### WORK TO COMPLETE
Word for word, copy the records and drop the pictures.

[Dataset entries]
===============
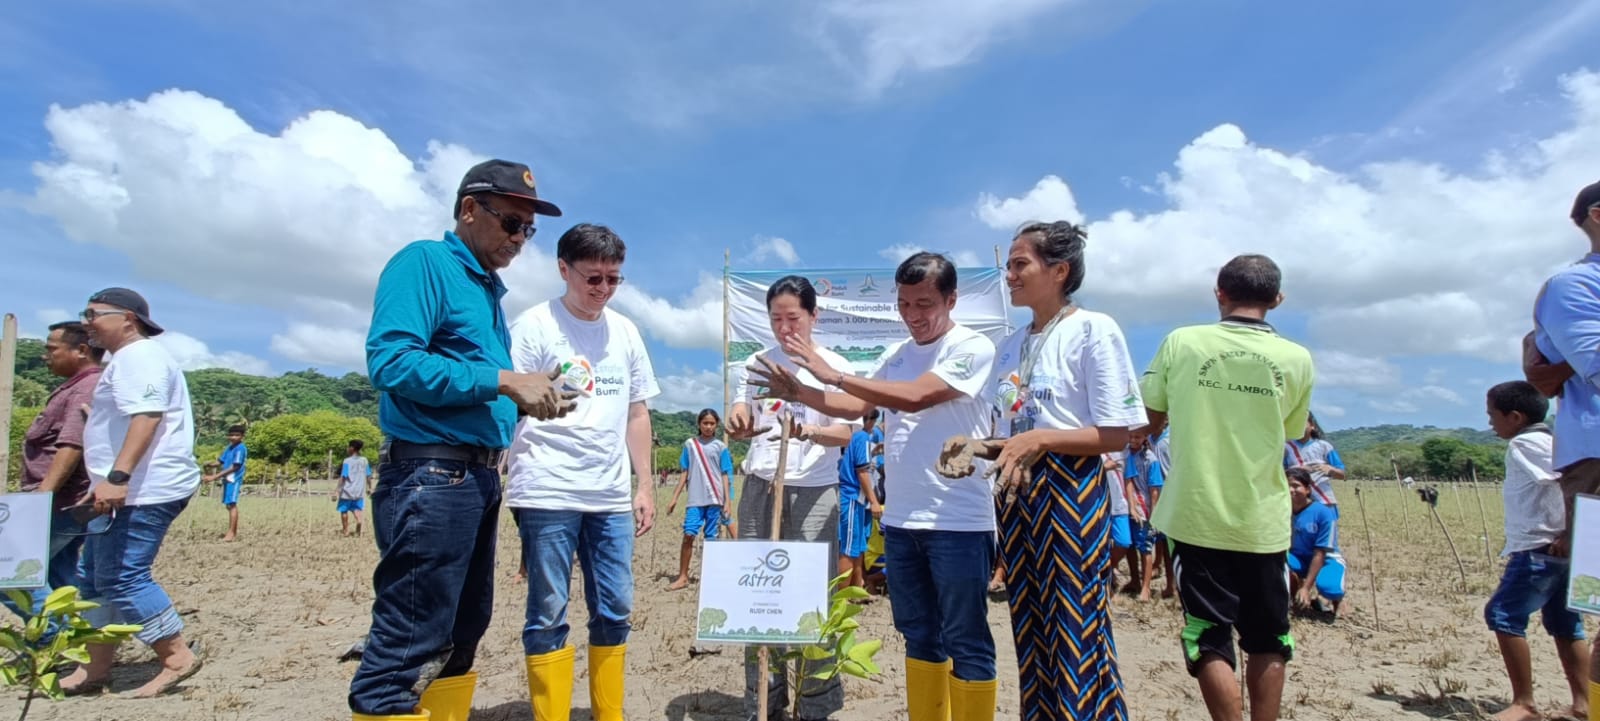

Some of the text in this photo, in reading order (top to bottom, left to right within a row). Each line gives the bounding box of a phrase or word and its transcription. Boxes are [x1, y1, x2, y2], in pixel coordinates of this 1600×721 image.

[840, 303, 892, 312] Sustainable
[594, 375, 624, 386] Peduli
[1198, 379, 1222, 389] KEC.
[595, 387, 620, 397] Bumi
[738, 569, 784, 588] astra
[749, 607, 783, 615] RUDY CHEN
===============
### RESPONSE TO THIS EXERCISE
Some of the text in this photo, in reading order (top to bottom, left to right within a row). Each line gives the bounding box of a phrase or word and its transcription. Boxes are [x1, y1, x2, y2], in pixel coordinates of this 1600×721 image.

[840, 303, 892, 312] Sustainable
[594, 375, 624, 386] Peduli
[1198, 379, 1222, 389] KEC.
[595, 387, 620, 397] Bumi
[738, 569, 784, 588] astra
[749, 607, 783, 615] RUDY CHEN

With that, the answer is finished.